Repeat each record that follows, keeping it identical.

*** Opening Entries shown ***

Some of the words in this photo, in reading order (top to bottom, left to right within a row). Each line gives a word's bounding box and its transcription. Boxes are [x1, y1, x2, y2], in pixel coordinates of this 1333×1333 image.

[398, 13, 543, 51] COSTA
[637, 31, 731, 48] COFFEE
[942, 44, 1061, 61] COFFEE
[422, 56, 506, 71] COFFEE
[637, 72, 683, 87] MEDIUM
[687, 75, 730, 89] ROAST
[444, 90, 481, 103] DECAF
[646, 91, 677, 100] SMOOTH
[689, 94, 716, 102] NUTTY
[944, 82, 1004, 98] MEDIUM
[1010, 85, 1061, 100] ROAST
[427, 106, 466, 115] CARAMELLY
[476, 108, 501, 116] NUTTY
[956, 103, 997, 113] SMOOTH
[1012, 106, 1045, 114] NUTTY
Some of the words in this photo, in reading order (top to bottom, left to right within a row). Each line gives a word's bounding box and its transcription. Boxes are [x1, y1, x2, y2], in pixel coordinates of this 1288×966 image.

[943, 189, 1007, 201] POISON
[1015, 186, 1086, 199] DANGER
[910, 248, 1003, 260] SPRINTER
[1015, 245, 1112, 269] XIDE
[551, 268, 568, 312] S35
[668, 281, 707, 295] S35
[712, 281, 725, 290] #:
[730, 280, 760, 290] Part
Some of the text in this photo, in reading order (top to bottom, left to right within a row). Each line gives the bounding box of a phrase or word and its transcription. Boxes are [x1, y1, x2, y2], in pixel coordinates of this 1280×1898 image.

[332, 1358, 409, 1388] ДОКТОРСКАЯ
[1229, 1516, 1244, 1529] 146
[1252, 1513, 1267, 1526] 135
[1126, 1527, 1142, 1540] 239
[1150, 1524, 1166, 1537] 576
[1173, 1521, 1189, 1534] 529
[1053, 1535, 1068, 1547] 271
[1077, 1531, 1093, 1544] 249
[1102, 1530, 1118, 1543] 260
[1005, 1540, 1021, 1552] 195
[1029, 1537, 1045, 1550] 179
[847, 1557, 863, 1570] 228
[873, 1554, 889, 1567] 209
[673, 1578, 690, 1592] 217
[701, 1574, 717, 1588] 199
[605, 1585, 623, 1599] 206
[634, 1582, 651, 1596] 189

*** Closing Entries shown ***

* **Solution to the exercise**:
Some of the words in this photo, in reading order (top to bottom, left to right within a row). Each line gives a word's bounding box and its transcription. Boxes are [x1, y1, x2, y2], in pixel coordinates of this 1333×1333 image.

[398, 13, 543, 51] COSTA
[637, 31, 731, 48] COFFEE
[942, 44, 1061, 61] COFFEE
[422, 56, 506, 71] COFFEE
[637, 72, 683, 87] MEDIUM
[687, 75, 730, 89] ROAST
[444, 90, 481, 103] DECAF
[646, 91, 677, 100] SMOOTH
[689, 94, 716, 102] NUTTY
[944, 82, 1004, 98] MEDIUM
[1010, 85, 1061, 100] ROAST
[427, 106, 466, 115] CARAMELLY
[476, 108, 501, 116] NUTTY
[956, 103, 997, 113] SMOOTH
[1012, 106, 1045, 114] NUTTY
Some of the words in this photo, in reading order (top to bottom, left to right within a row). Each line gives a word's bounding box and its transcription. Boxes are [x1, y1, x2, y2], in pixel coordinates of this 1288×966 image.

[943, 189, 1007, 201] POISON
[1015, 186, 1086, 199] DANGER
[910, 248, 1003, 260] SPRINTER
[1015, 245, 1112, 269] XIDE
[551, 268, 568, 312] S35
[668, 281, 707, 295] S35
[712, 281, 725, 290] #:
[730, 280, 760, 290] Part
Some of the text in this photo, in reading order (top to bottom, left to right within a row). Each line gives the bounding box of a phrase or word and its transcription. Boxes are [x1, y1, x2, y2], in pixel coordinates of this 1280×1898 image.

[332, 1358, 409, 1388] ДОКТОРСКАЯ
[1229, 1516, 1244, 1529] 146
[1252, 1513, 1267, 1526] 135
[1126, 1527, 1142, 1540] 239
[1150, 1524, 1166, 1537] 576
[1173, 1521, 1189, 1534] 529
[1053, 1535, 1068, 1547] 271
[1077, 1531, 1093, 1544] 249
[1102, 1530, 1118, 1543] 260
[1005, 1540, 1021, 1552] 195
[1029, 1537, 1045, 1550] 179
[847, 1557, 863, 1570] 228
[873, 1554, 889, 1567] 209
[673, 1578, 690, 1592] 217
[701, 1574, 717, 1588] 199
[605, 1585, 623, 1599] 206
[634, 1582, 651, 1596] 189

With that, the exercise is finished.